§ The data:
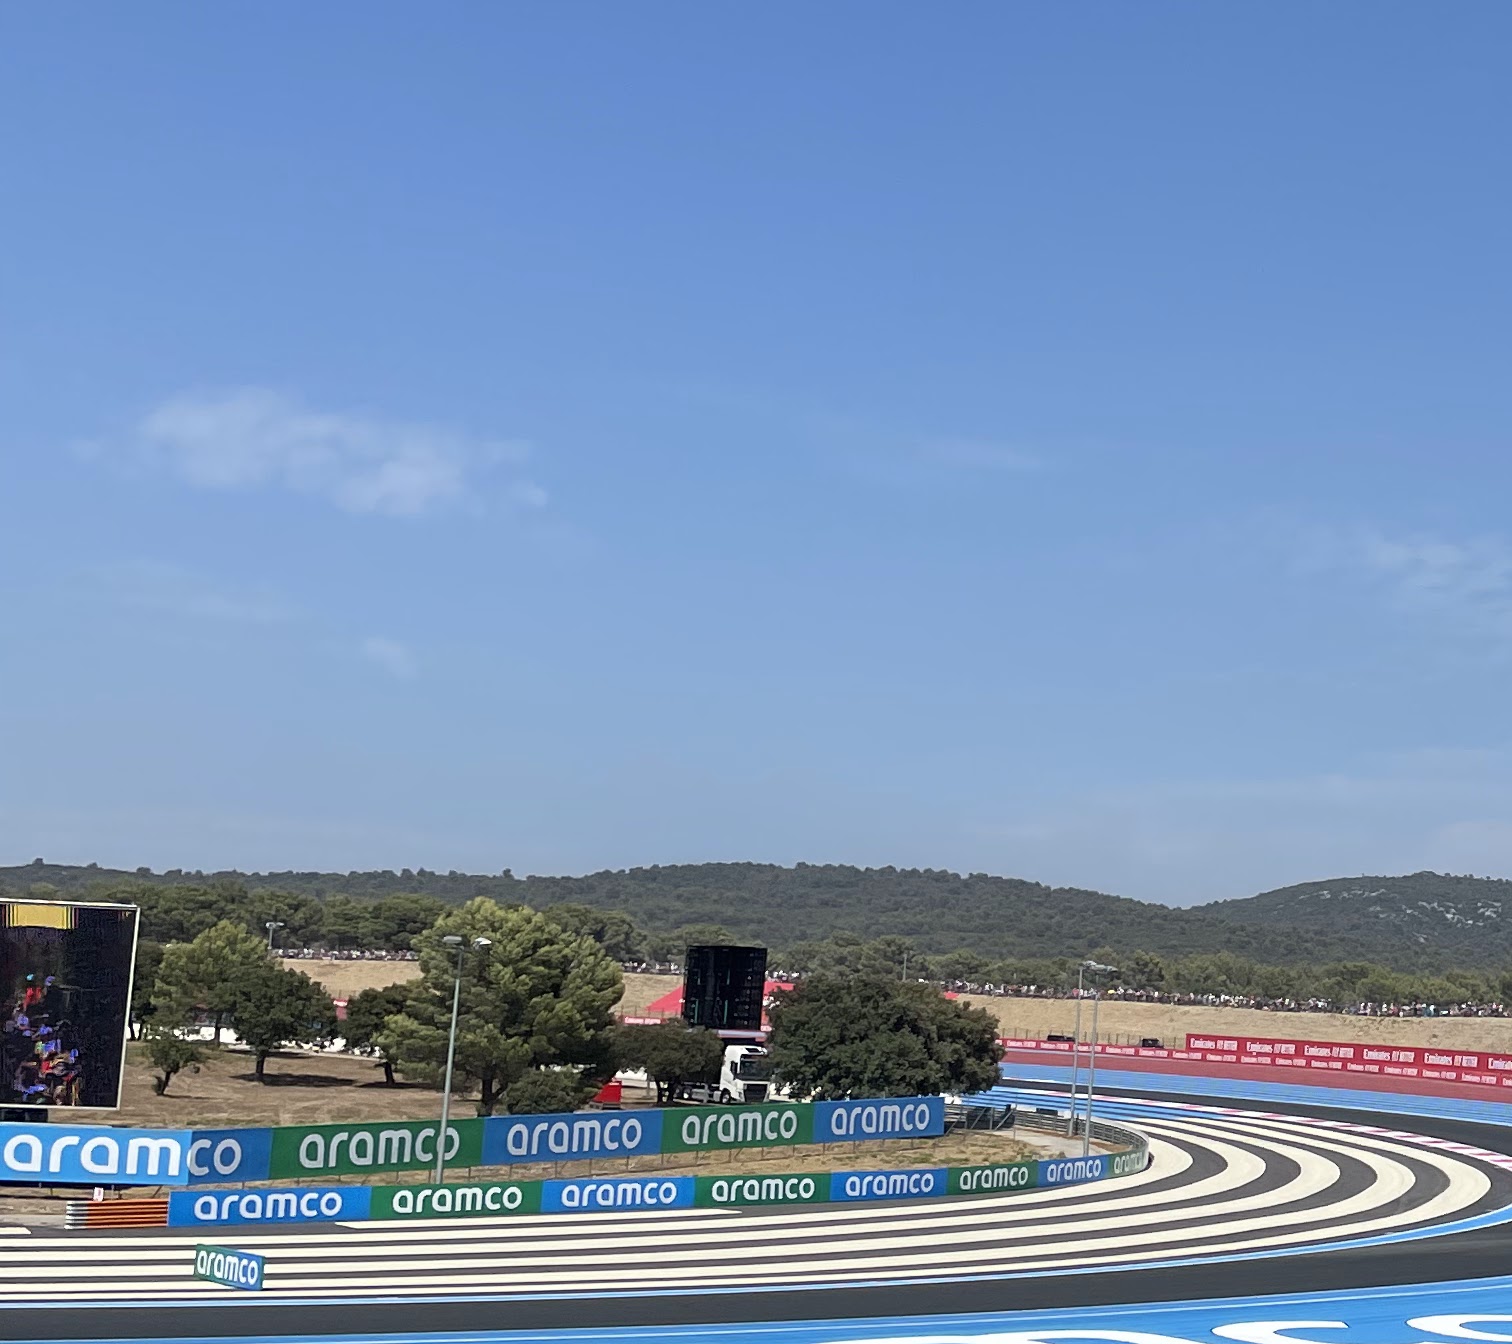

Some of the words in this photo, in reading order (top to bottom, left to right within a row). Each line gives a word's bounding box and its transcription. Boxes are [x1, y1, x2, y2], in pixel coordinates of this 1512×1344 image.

[682, 1107, 797, 1144] aramco
[832, 1104, 929, 1135] aramco
[300, 1128, 459, 1168] aramco
[507, 1119, 641, 1155] aramco
[4, 1135, 241, 1175] aramco
[960, 1167, 1028, 1189] aramco
[1048, 1160, 1101, 1181] aramco
[562, 1182, 676, 1206] aramco
[712, 1178, 814, 1201] aramco
[846, 1174, 933, 1196] aramco
[195, 1192, 342, 1220] aramco
[393, 1187, 522, 1213] aramco
[197, 1250, 258, 1286] aramco
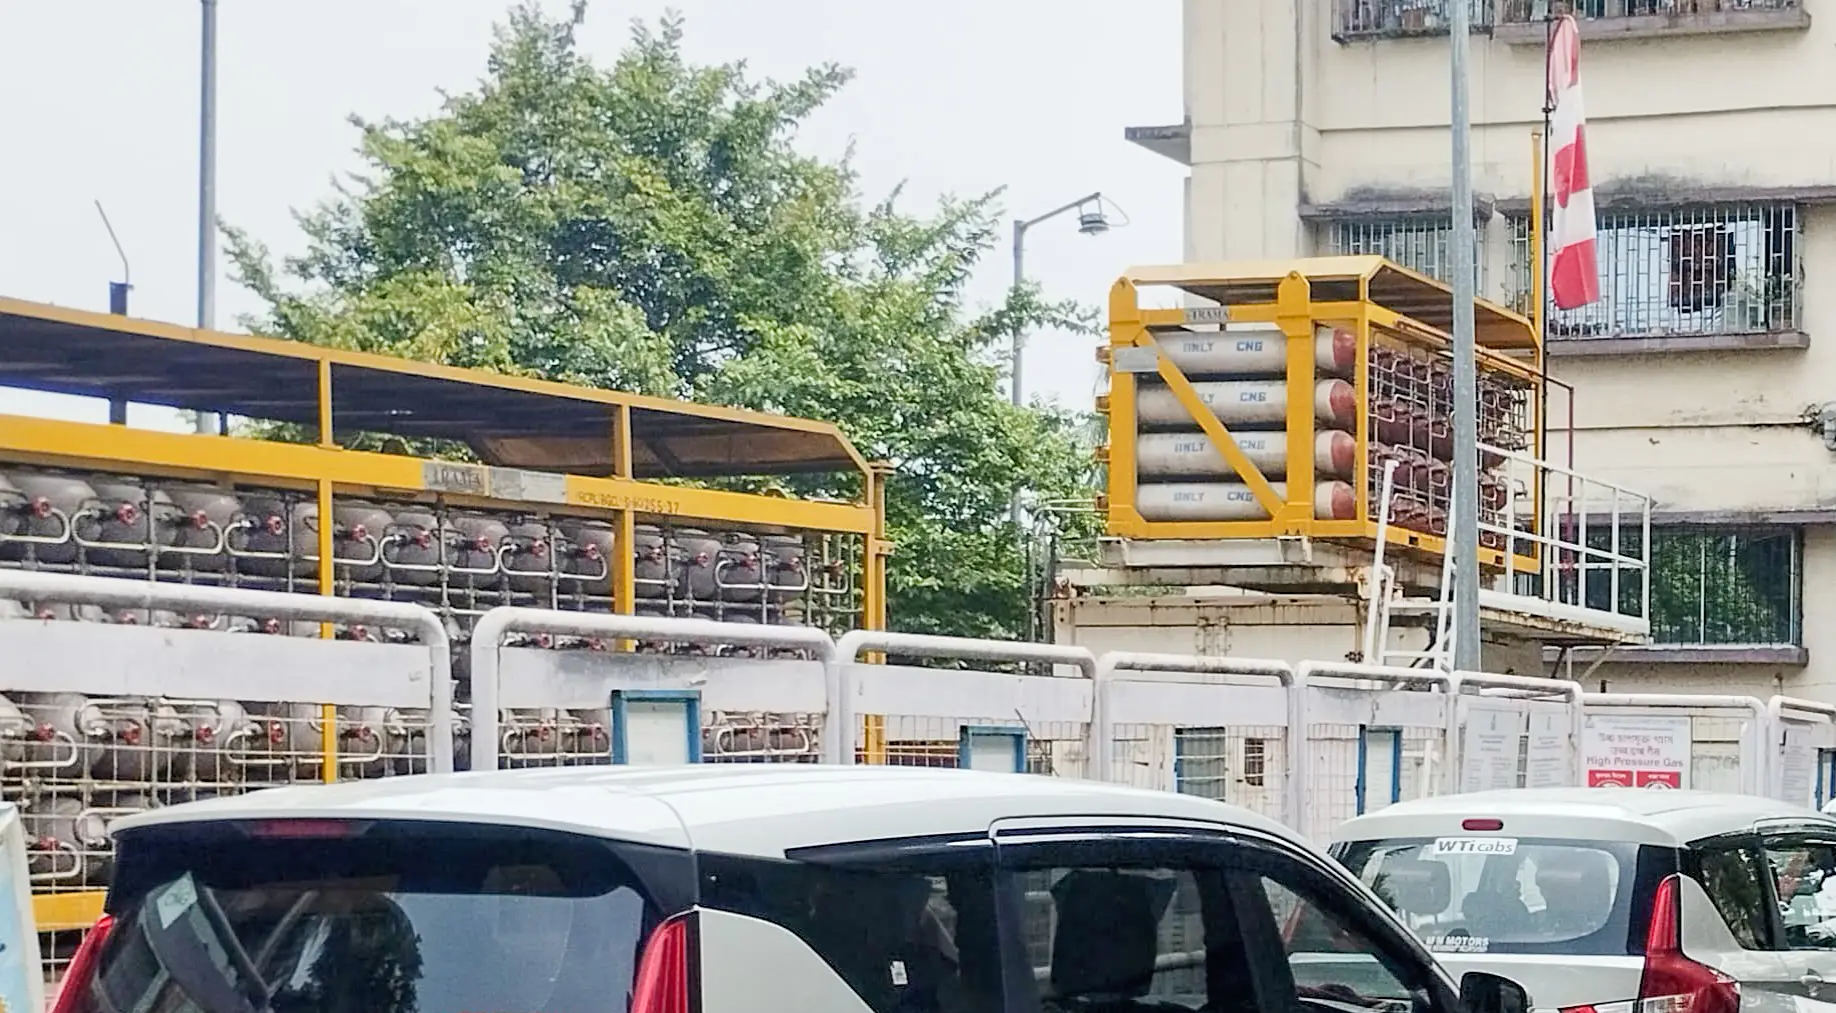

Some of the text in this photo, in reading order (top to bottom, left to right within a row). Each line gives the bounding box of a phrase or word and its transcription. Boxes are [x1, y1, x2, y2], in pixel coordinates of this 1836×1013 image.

[1236, 341, 1263, 352] CNG
[1240, 391, 1267, 402] CNG
[1174, 440, 1266, 452] ONLY CNG
[1227, 491, 1255, 502] CNG
[1586, 756, 1684, 768] High Pressure Gas
[1446, 935, 1489, 946] MOTORS
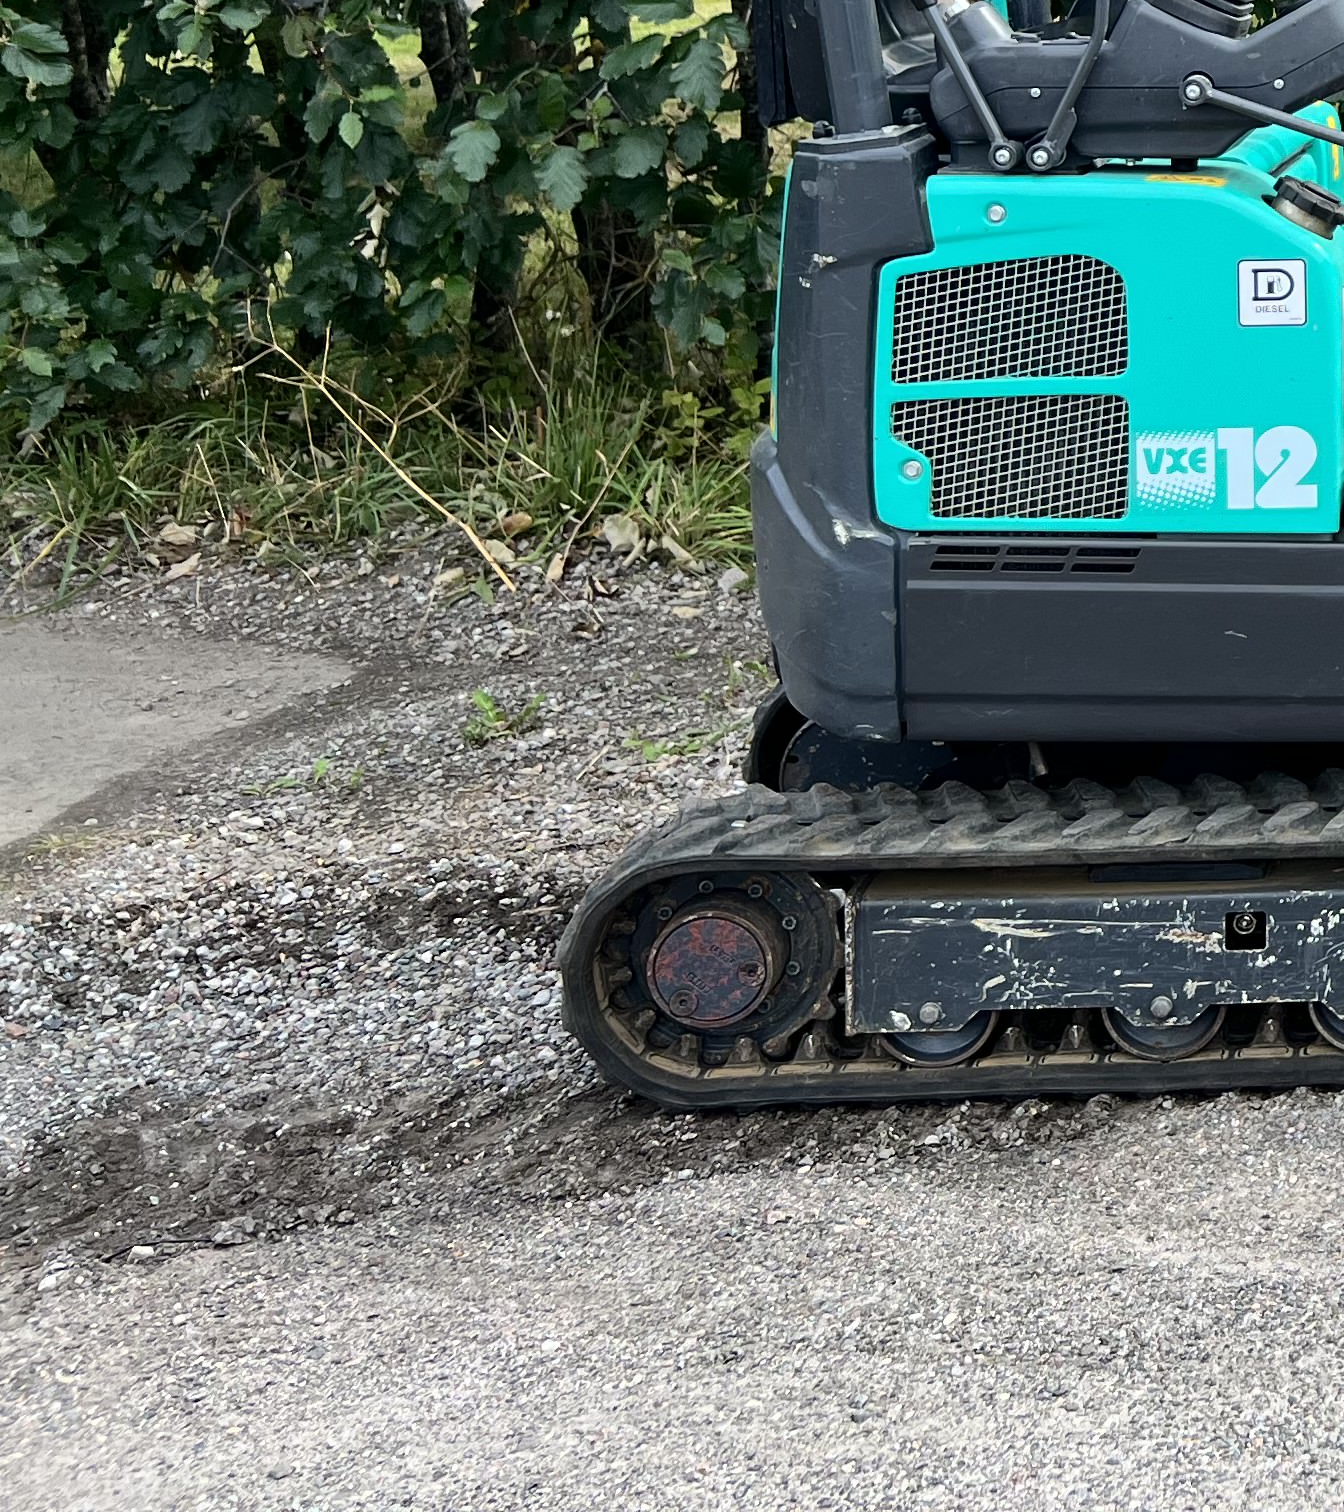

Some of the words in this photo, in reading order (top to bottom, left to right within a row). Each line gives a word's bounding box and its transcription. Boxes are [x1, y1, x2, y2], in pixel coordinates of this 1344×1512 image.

§ Exercise objective:
Exactly as written, copy out the listing, but without any pictures.

§ Response to the task:
Some of the words in this photo, in reading order (top to bottom, left to right within a row). Each line gives a word's bounding box and its transcription. Boxes are [x1, y1, x2, y2], in pixel coordinates of this 1512×1344 image.

[682, 1107, 797, 1144] aramco
[832, 1104, 929, 1135] aramco
[300, 1128, 459, 1168] aramco
[507, 1119, 641, 1155] aramco
[4, 1135, 241, 1175] aramco
[960, 1167, 1028, 1189] aramco
[1048, 1160, 1101, 1181] aramco
[562, 1182, 676, 1206] aramco
[712, 1178, 814, 1201] aramco
[846, 1174, 933, 1196] aramco
[195, 1192, 342, 1220] aramco
[393, 1187, 522, 1213] aramco
[197, 1250, 258, 1286] aramco

Some of the text in this photo, in reading order (top to bottom, left to right within a row). Each line gives the bounding box of a phrase or word and its transcription. Boxes are [x1, y1, x2, y2], in pixel coordinates of this 1836×1013 image.

[1236, 341, 1263, 352] CNG
[1240, 391, 1267, 402] CNG
[1174, 440, 1266, 452] ONLY CNG
[1227, 491, 1255, 502] CNG
[1586, 756, 1684, 768] High Pressure Gas
[1446, 935, 1489, 946] MOTORS

Some of the words in this photo, in reading order (top to bottom, left to right within a row). Each line gives a word's bounding box and its transcription. Boxes are [x1, y1, x2, y2], in pixel coordinates of this 1344×1512 image.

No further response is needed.